### TASK OBJECTIVE
Without including any images, repeat the listing below exactly.

++++++++

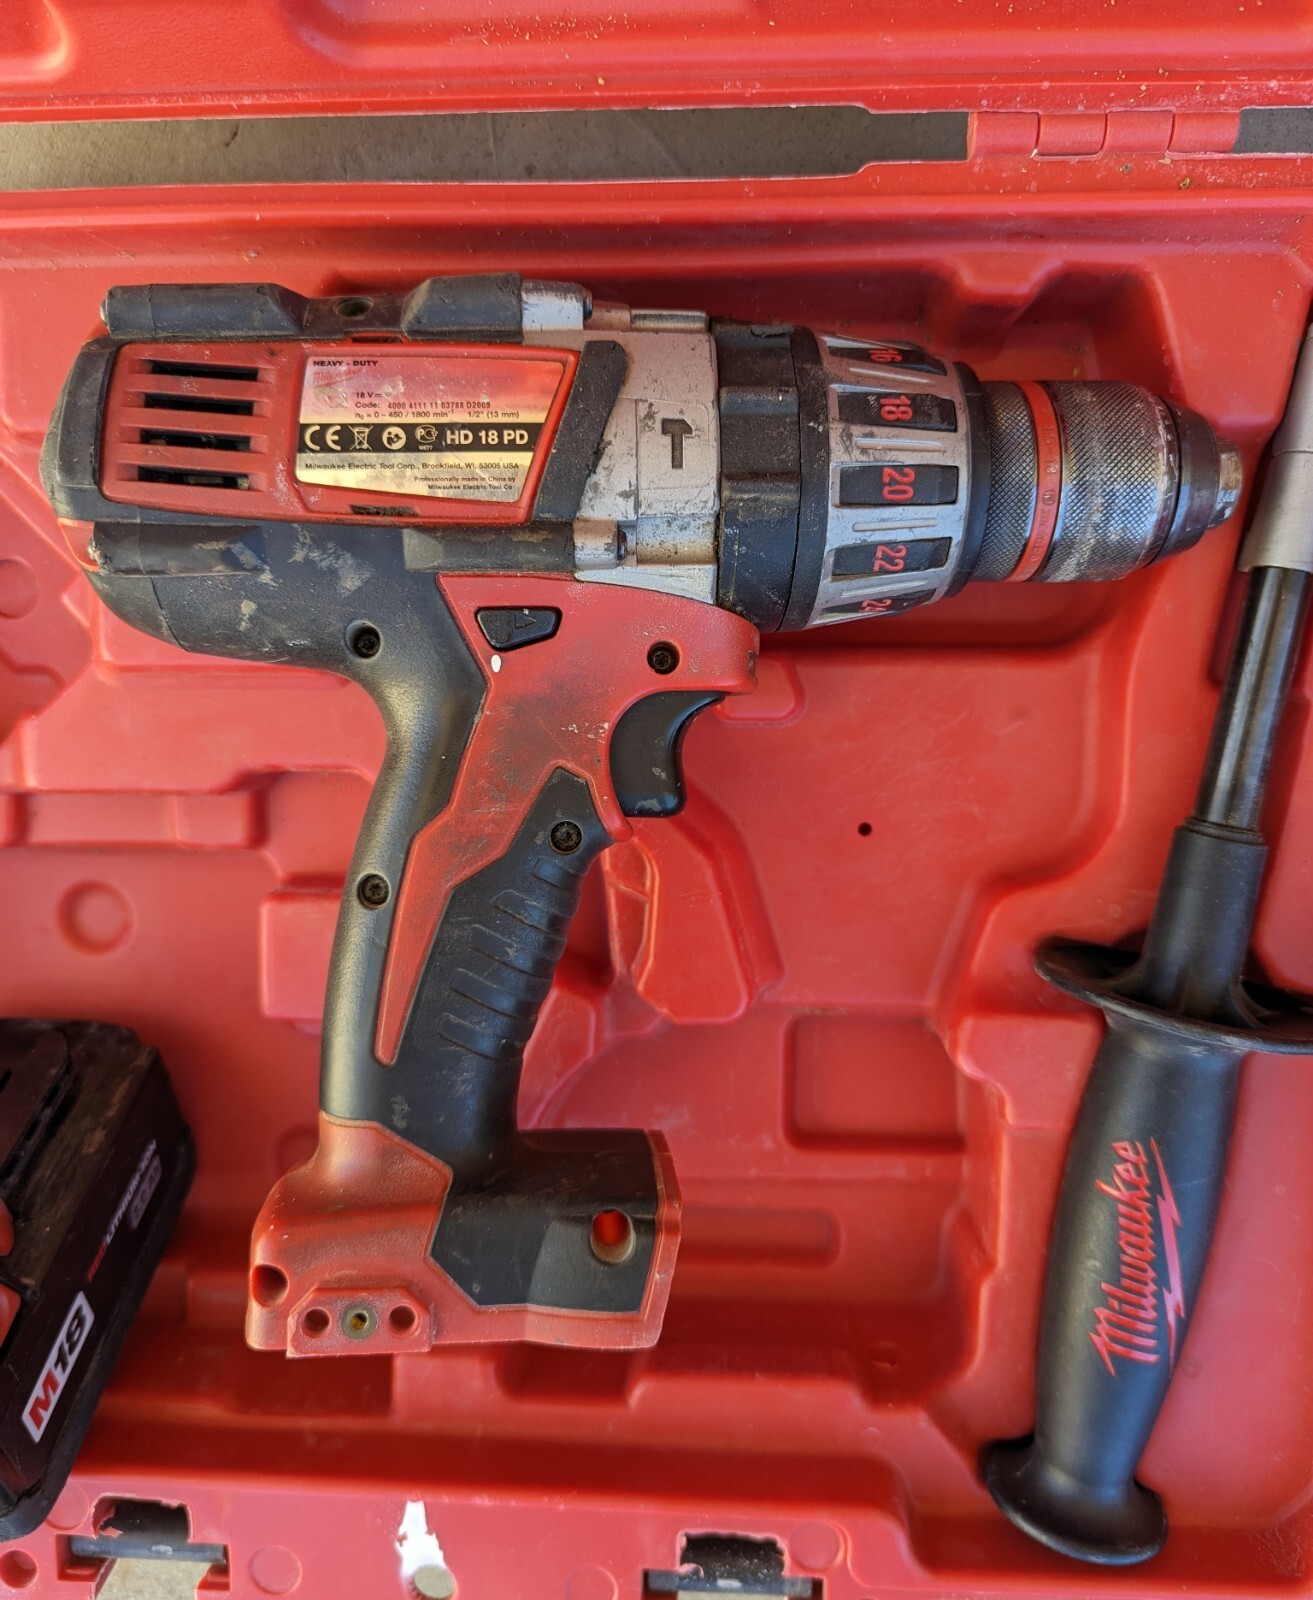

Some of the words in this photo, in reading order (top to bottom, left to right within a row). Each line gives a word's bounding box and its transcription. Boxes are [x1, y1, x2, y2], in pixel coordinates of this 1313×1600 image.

[486, 411, 499, 419] (13
[501, 411, 520, 419] mm)
[879, 395, 913, 421] 18
[446, 430, 473, 445] HD
[479, 430, 499, 445] 18
[503, 430, 529, 445] PD
[882, 467, 915, 501] 20
[873, 545, 907, 572] 22
[1088, 1141, 1160, 1376] Milwaukee
[28, 1304, 87, 1430] M18
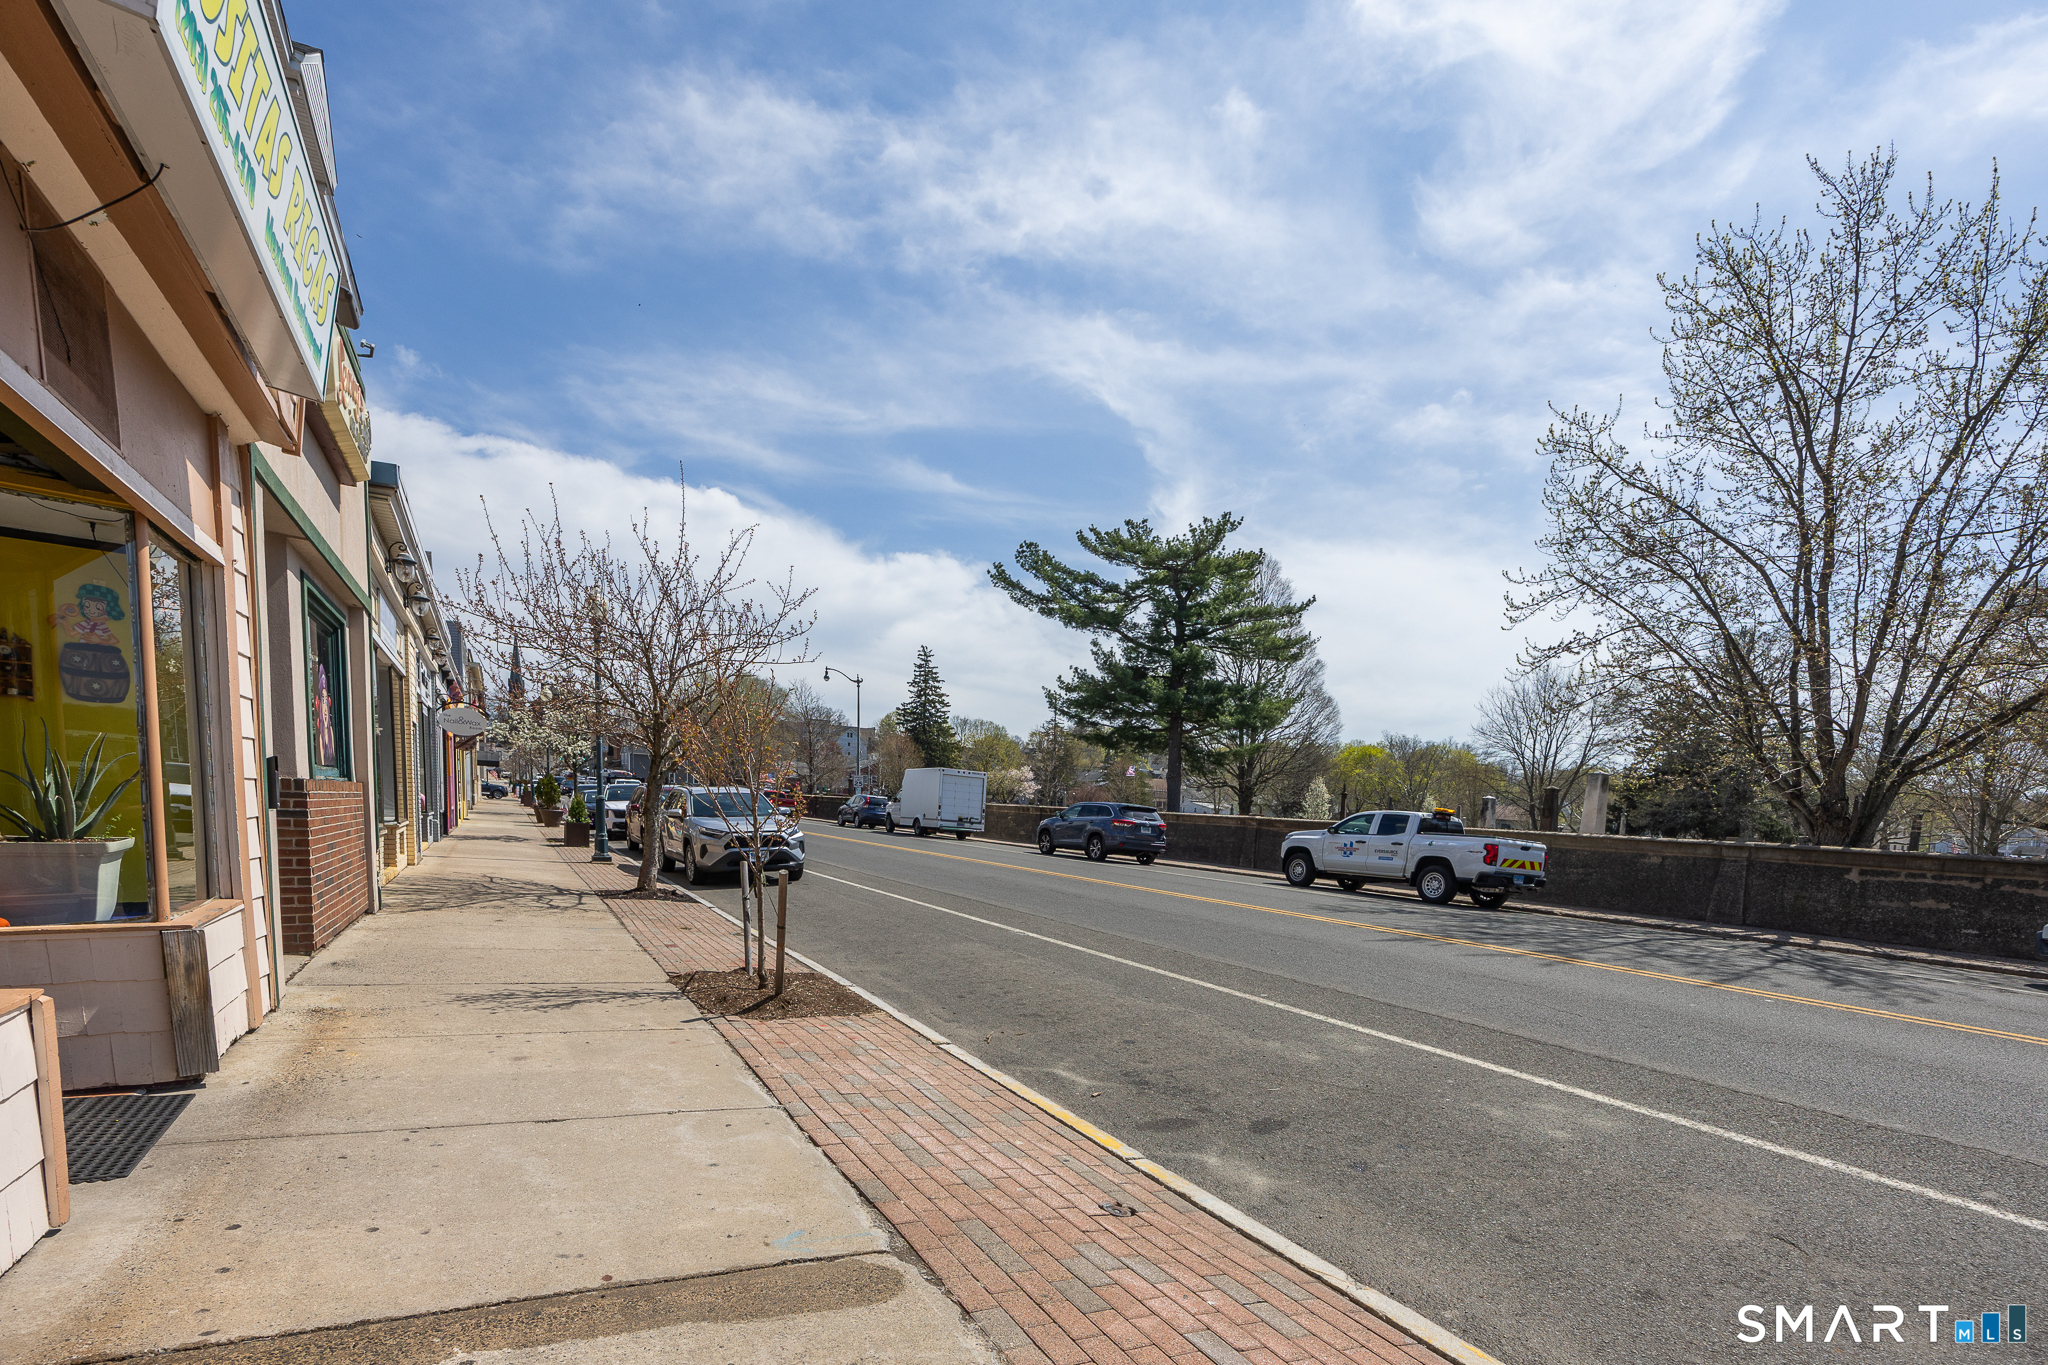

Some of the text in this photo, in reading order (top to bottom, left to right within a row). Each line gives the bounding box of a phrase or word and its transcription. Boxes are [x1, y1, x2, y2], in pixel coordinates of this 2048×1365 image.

[199, 0, 335, 327] SITAS RICAS
[265, 206, 323, 371] Mexican Restaurant

++++++++

### THE ANSWER
Some of the words in this photo, in reading order (top to bottom, left to right within a row). Each line gives a word's bounding box and its transcription. Boxes are [x1, y1, x2, y2], in pixel coordinates of this 1313×1600 image.

[486, 411, 499, 419] (13
[501, 411, 520, 419] mm)
[879, 395, 913, 421] 18
[446, 430, 473, 445] HD
[479, 430, 499, 445] 18
[503, 430, 529, 445] PD
[882, 467, 915, 501] 20
[873, 545, 907, 572] 22
[1088, 1141, 1160, 1376] Milwaukee
[28, 1304, 87, 1430] M18

Some of the text in this photo, in reading order (top to bottom, left to right within a row). Each line gives the bounding box of a phrase or word and its transcription. Boxes are [x1, y1, x2, y2], in pixel coordinates of this 2048×1365 image.

[199, 0, 335, 327] SITAS RICAS
[265, 206, 323, 371] Mexican Restaurant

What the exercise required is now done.